__DESCRIPTION OF THE TASK__
After removing every image, reproduce the data exactly as it appears.

[Dataset entries]
»»
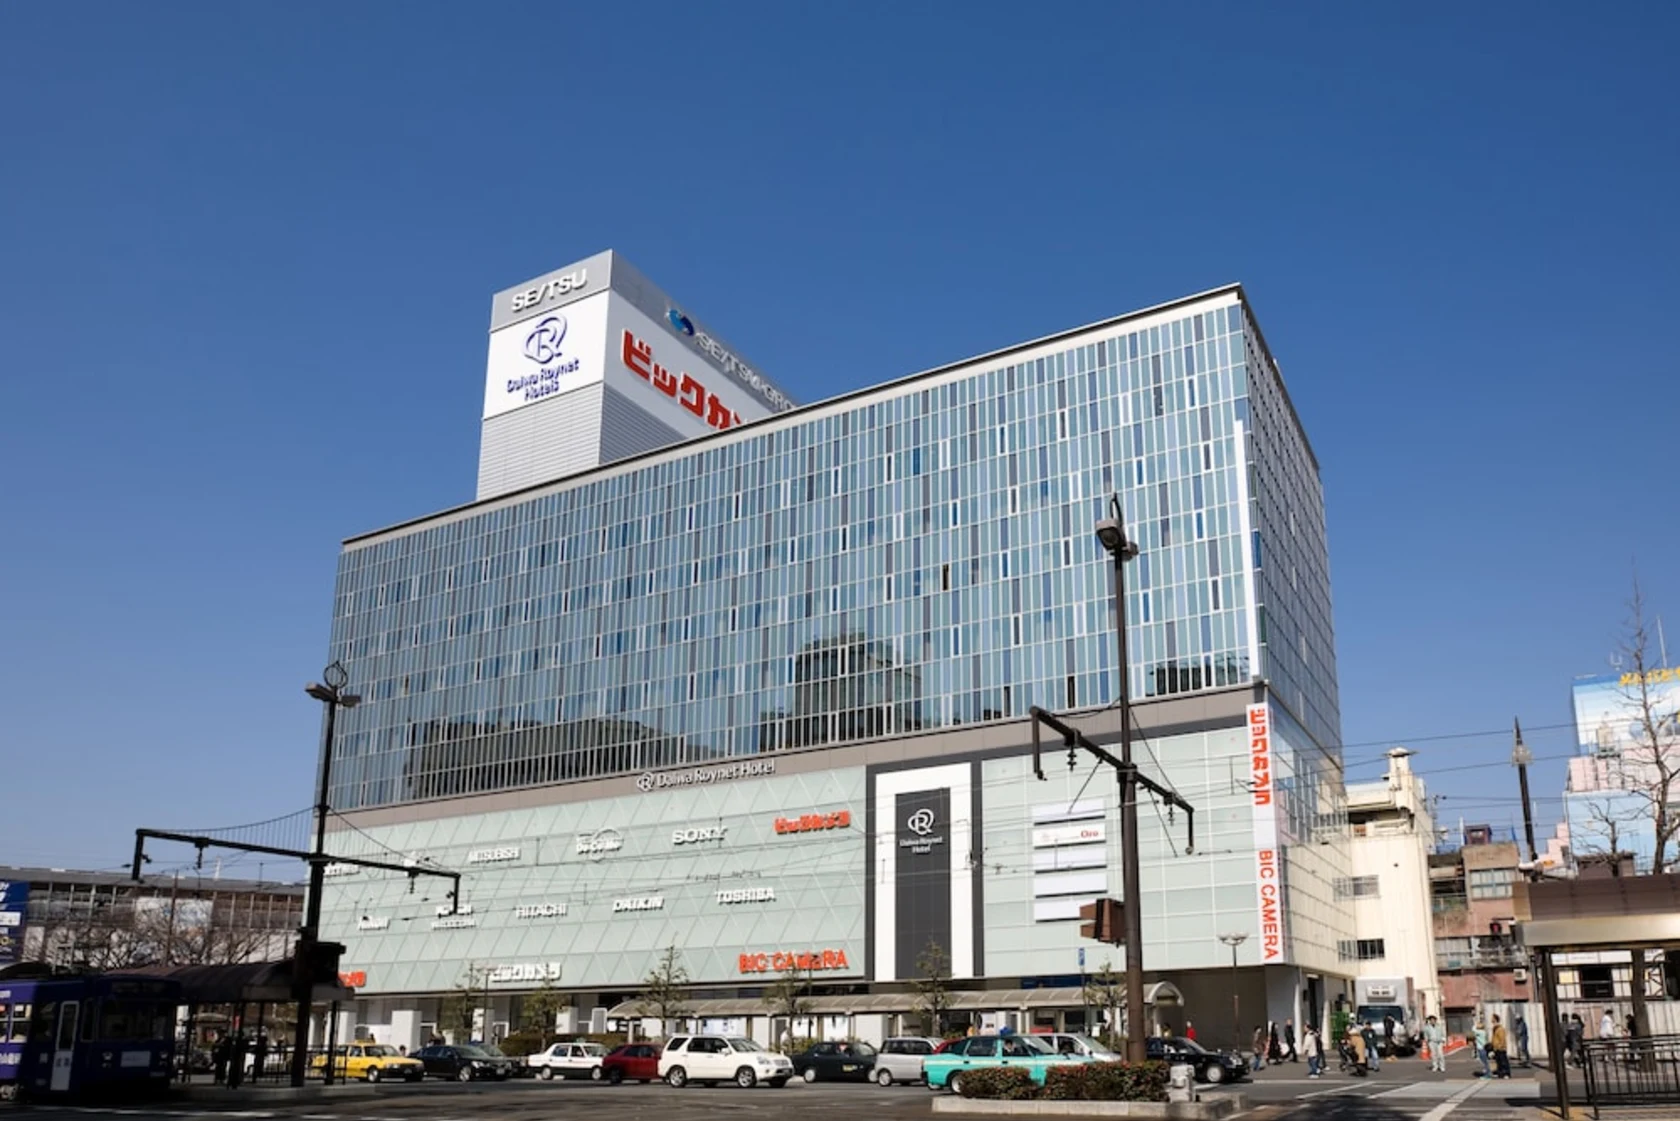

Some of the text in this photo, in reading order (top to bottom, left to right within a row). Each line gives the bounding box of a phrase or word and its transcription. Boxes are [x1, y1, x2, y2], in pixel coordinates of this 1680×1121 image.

[507, 357, 580, 394] Daiwa Roynet
[621, 328, 742, 430] ビックカ
[1250, 708, 1271, 805] ビックカメラ
[656, 772, 692, 789] Daiwa
[694, 764, 739, 786] Roynet
[741, 759, 776, 778] Hotel
[672, 826, 728, 845] SONY
[717, 887, 776, 905] TOSHIBA
[1258, 850, 1279, 960] BIC CAMERA
[738, 952, 769, 974] BIC
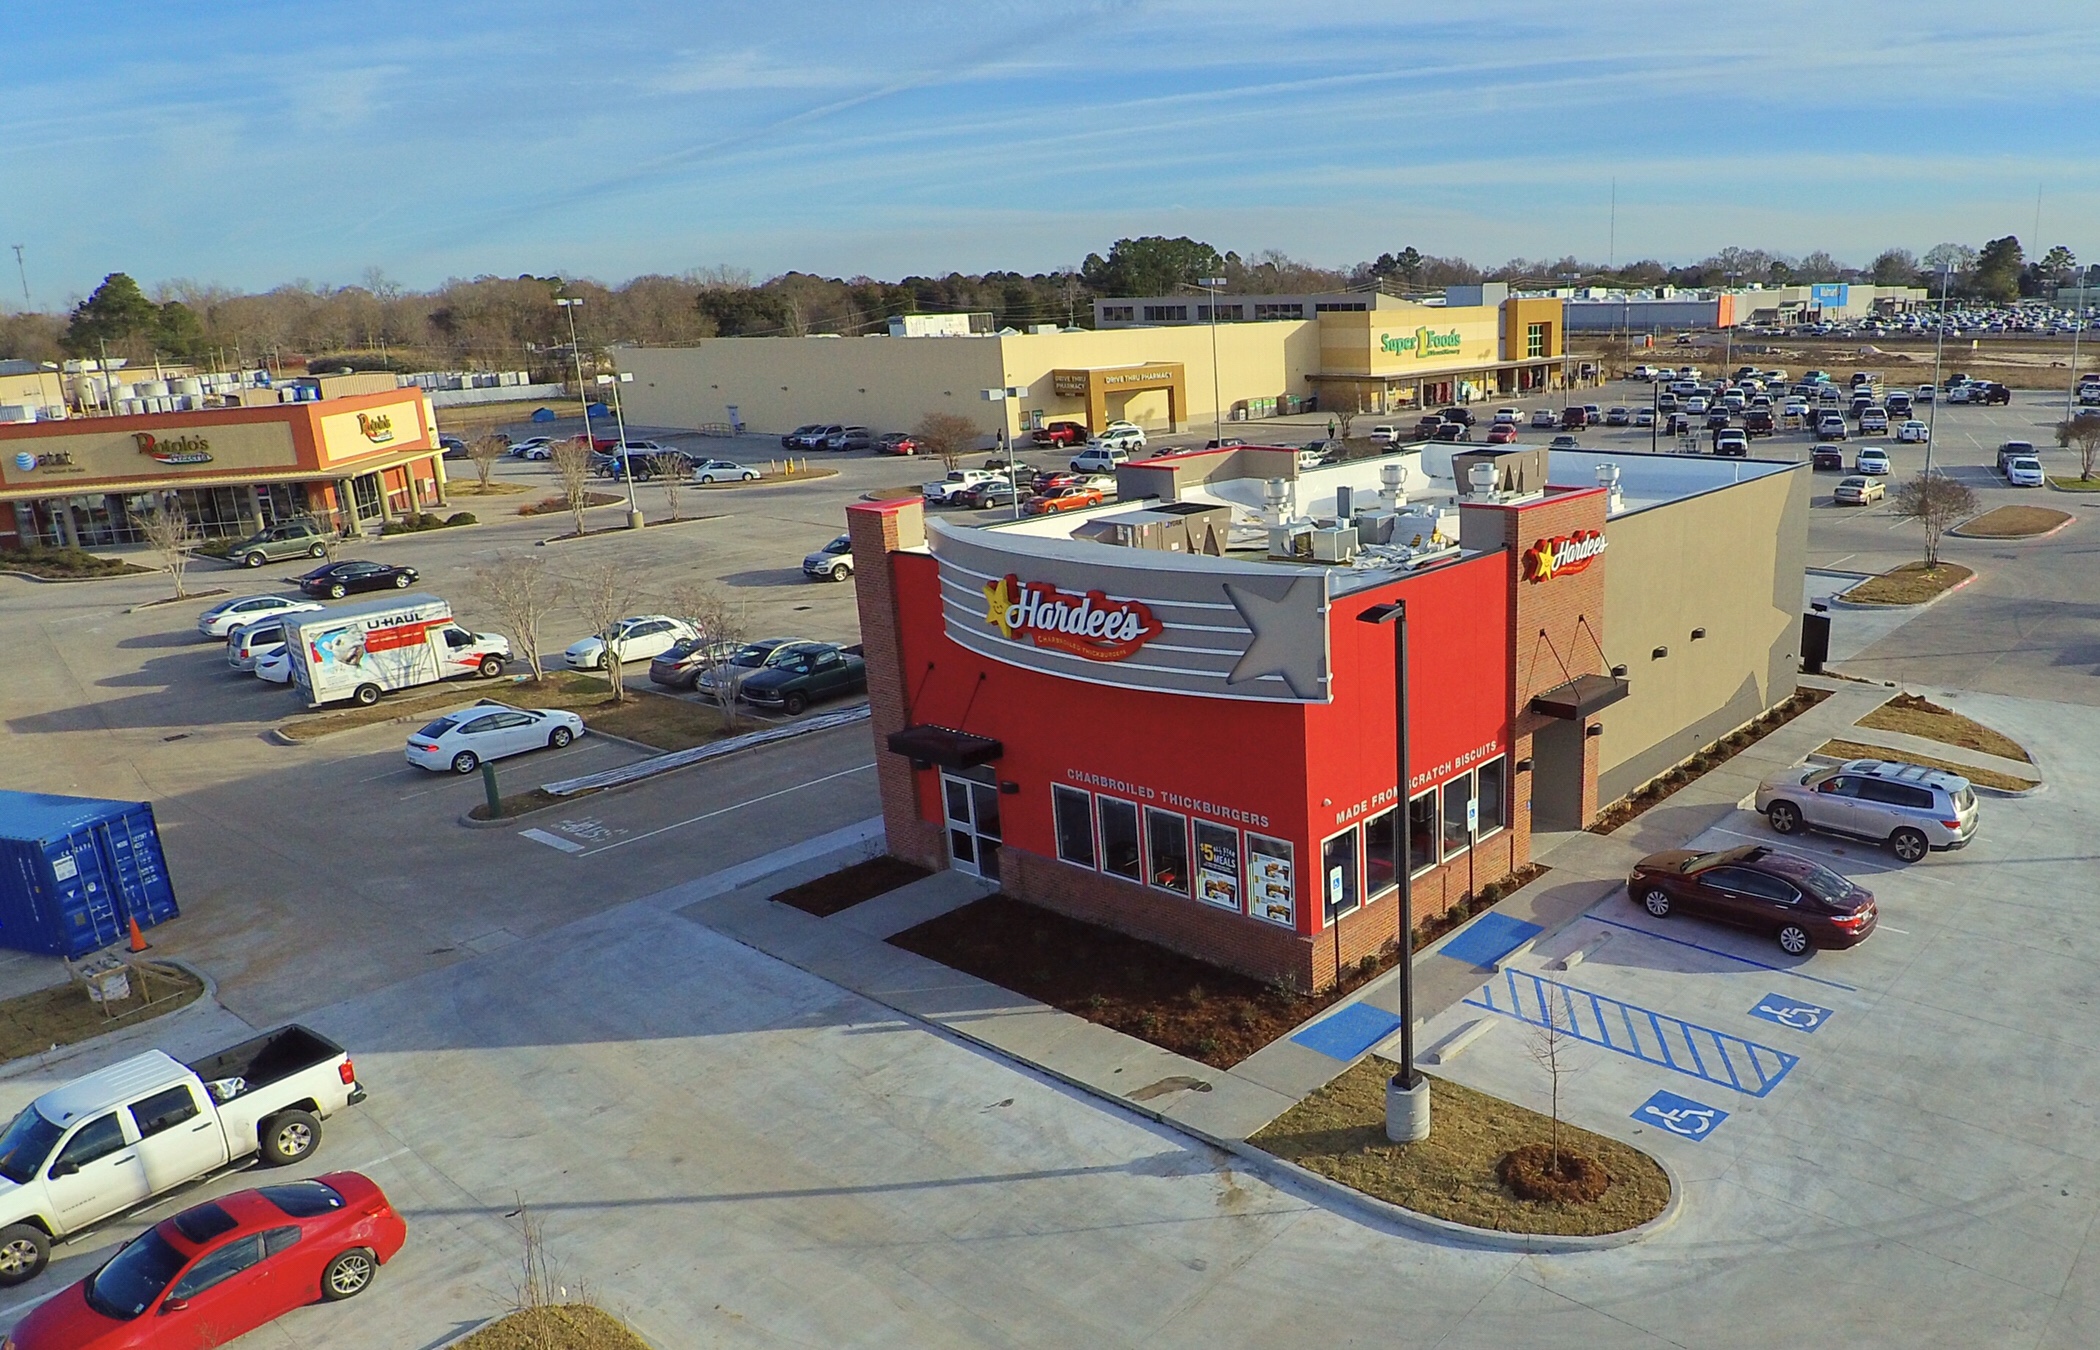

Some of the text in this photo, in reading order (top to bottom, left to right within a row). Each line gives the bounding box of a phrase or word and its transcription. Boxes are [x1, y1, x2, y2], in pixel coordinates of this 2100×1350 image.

[1381, 326, 1461, 358] Super 1 Foods
[1056, 382, 1085, 390] PHARMACY
[1106, 371, 1173, 384] DRIVE THRU PHARMACY
[131, 432, 209, 453] Rotolo's
[1551, 533, 1608, 571] Hardee's
[1005, 589, 1149, 641] Hardee's
[1336, 800, 1367, 825] MADE
[1455, 740, 1497, 769] BISCUITS
[1066, 768, 1270, 828] CHARBROILED THICKBURGERS
[1200, 843, 1213, 862] $5
[1213, 854, 1236, 869] MEALS
««
__TASK RESPONSE__
Some of the text in this photo, in reading order (top to bottom, left to right within a row). Each line gives the bounding box of a phrase or word and its transcription. Boxes are [x1, y1, x2, y2], in pixel coordinates of this 1680×1121 image.

[507, 357, 580, 394] Daiwa Roynet
[621, 328, 742, 430] ビックカ
[1250, 708, 1271, 805] ビックカメラ
[656, 772, 692, 789] Daiwa
[694, 764, 739, 786] Roynet
[741, 759, 776, 778] Hotel
[672, 826, 728, 845] SONY
[717, 887, 776, 905] TOSHIBA
[1258, 850, 1279, 960] BIC CAMERA
[738, 952, 769, 974] BIC

Some of the text in this photo, in reading order (top to bottom, left to right within a row). Each line gives the bounding box of a phrase or word and its transcription. Boxes are [x1, y1, x2, y2], in pixel coordinates of this 2100×1350 image.

[1381, 326, 1461, 358] Super 1 Foods
[1056, 382, 1085, 390] PHARMACY
[1106, 371, 1173, 384] DRIVE THRU PHARMACY
[131, 432, 209, 453] Rotolo's
[1551, 533, 1608, 571] Hardee's
[1005, 589, 1149, 641] Hardee's
[1336, 800, 1367, 825] MADE
[1455, 740, 1497, 769] BISCUITS
[1066, 768, 1270, 828] CHARBROILED THICKBURGERS
[1200, 843, 1213, 862] $5
[1213, 854, 1236, 869] MEALS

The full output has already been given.